Times, they are a-changin' . . .

Museum people talk a lot about a number of sector issues, such as remaining relevant to our communities, and about the definition of museums. I don't want to say we're too much into navel gazing, but we do regularly ponder whether or not we should be all about:

  • presentation or preservation?
  • being the community's authority or facilitator?
  • creating didactic or interactive exhibitions?
  • organizing research opportunities or running educational initiatives?
But the biggest real-world pressure in museums these days, the thing that keeps us up at night and worrying what tomorrow will look like is: Where on earth are we gonna find the money to pay for what we do and what we deliver?

Ya, truth, it's a universal fact that we gotta pay the bills in order to do what we do. Museums have done their best to cut costs for at least the past 15 years, and we are at bare bones in many places. There have been staffing, collections care, and facility cutbacks to the point were institutions are struggling to survive at all — and some just may fail. That's scary.

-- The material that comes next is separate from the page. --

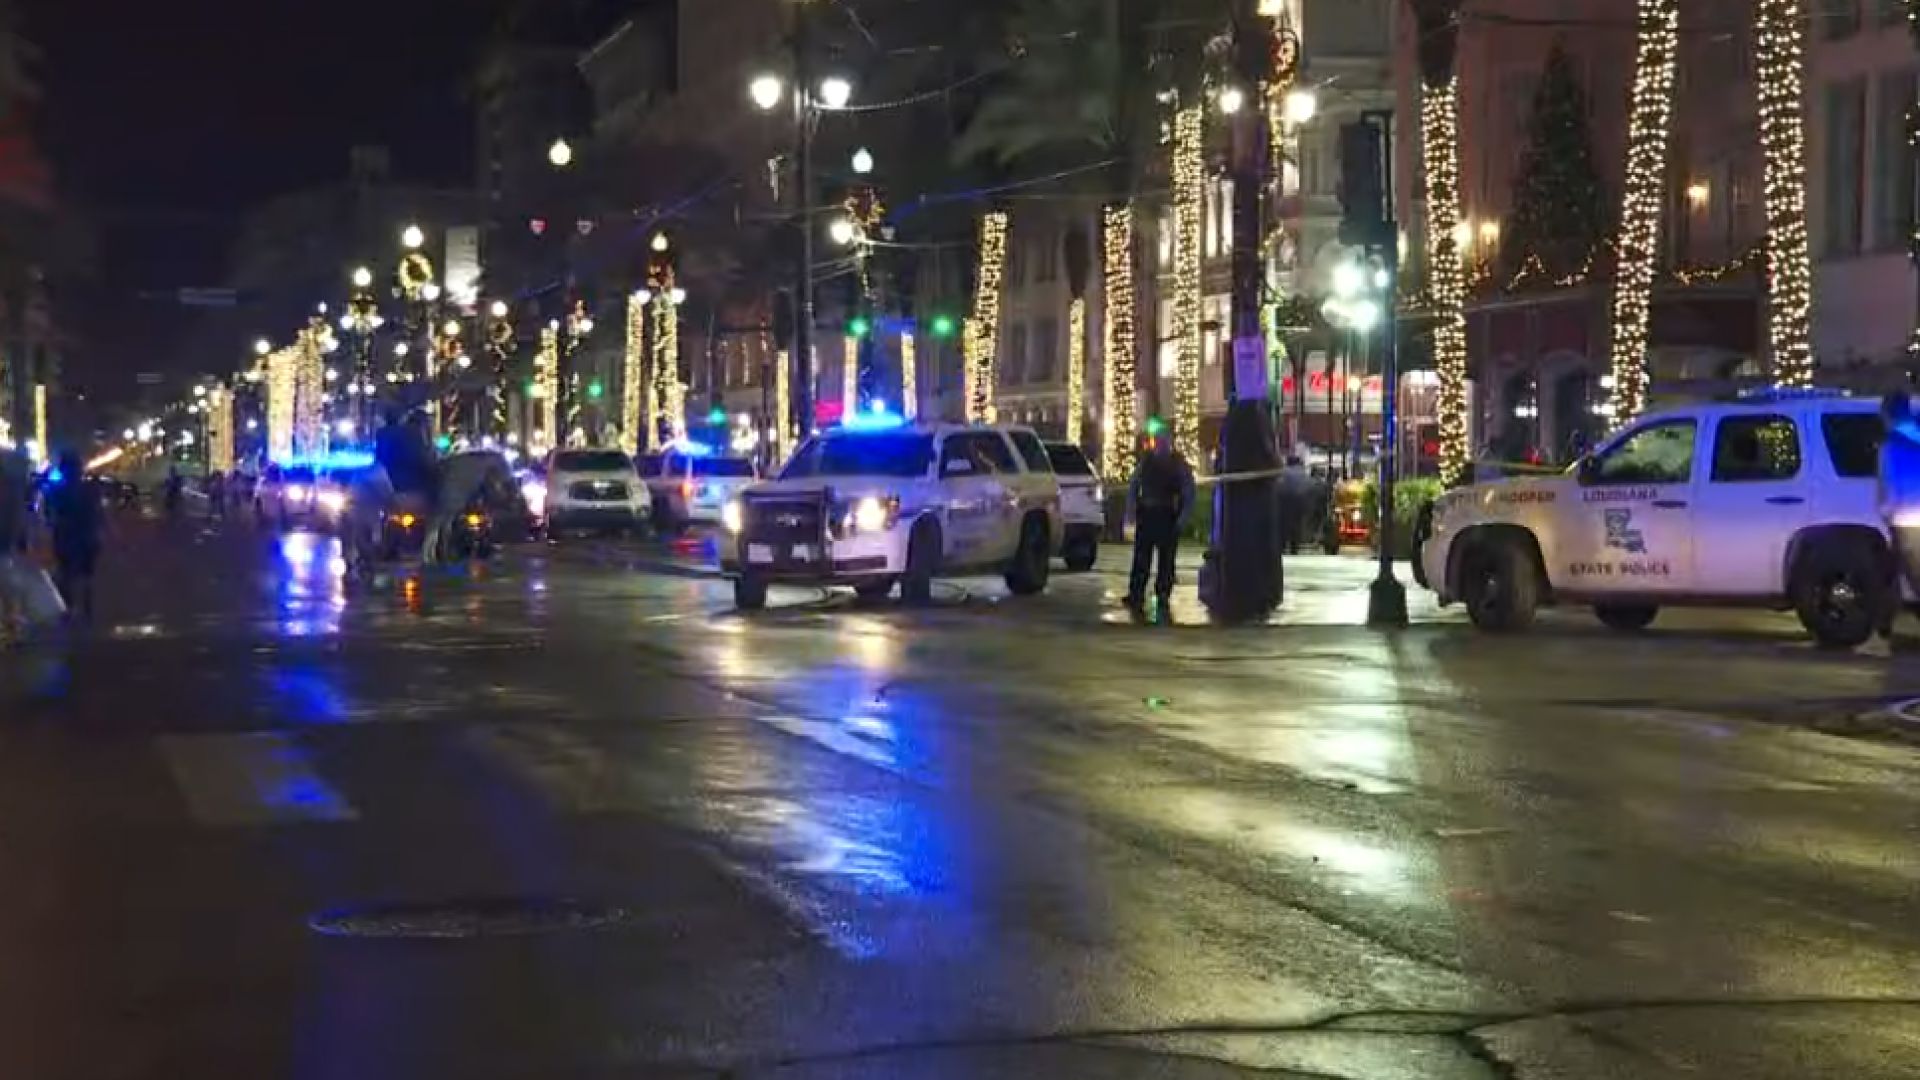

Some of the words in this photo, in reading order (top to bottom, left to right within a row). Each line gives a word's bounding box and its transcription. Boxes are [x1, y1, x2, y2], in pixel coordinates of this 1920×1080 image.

[1583, 487, 1657, 501] LOUISIANA
[1569, 562, 1612, 576] STATE
[1620, 561, 1669, 577] POLICE

There has been great discussion and uproar recently over the fact that government entities — local, regional and national — just can't keep paying for museums. It seems we're seen as a luxury when there are 'bigger' issues such as unemployment, housing, health care, homelessness, the economy in general, and on and on. You can just feel the lack of empathy for our budget situation in letters to the editor such as this one questioning a museum's plan to upgrade its site. And we're not alone here in Canada with these struggles: both Great Britain and
 the U.S. are experiencing a watershed moment regarding the massive cutbacks that are moving forward faster than you can say 'there's only one taxpayer and there's no money for museums in our budget'. 
 But it is simply not sustainable to think that museums can keep going on like this, with the hopes that museums might get more funding from the government again 'one day' and we just need to ride out these lean times. Somethings gotta give.

Personally, I think the days are close to over where we should even consider money coming from our governments. Museums can state again and again to the powers-that-be that we are caring for the heart of our communities through exhibitions and collections care, but I don't think the politicians have the resources to help us fund this noble cause. And I want to believe it's not because our governments don't care about our heritage and culture, but it's more because they have to deal with the issues that are literally much more in their face. I hate it that museums are considered the gravy of what life has to offer, but discussions about social housing is going to trump funding museums every time. (Caveat: Do trust me that I will call out to those governments who are being wasteful and irresponsible if they have the funds to support museums yet choose to 'forget' them. I am not just going to let them walk away from us, but I do see there's not a lot of wiggle room for governments to support us as much as they once did.)


So what do we do about all this worry about money? Stick our head in the sand and pretend it's not a problem? Cut programs? Cancel plans? Lay off (more) staff? Freeze positions after staff leave
 or retire? Find a Sugar Daddy? Give up and close the doors (and cry)??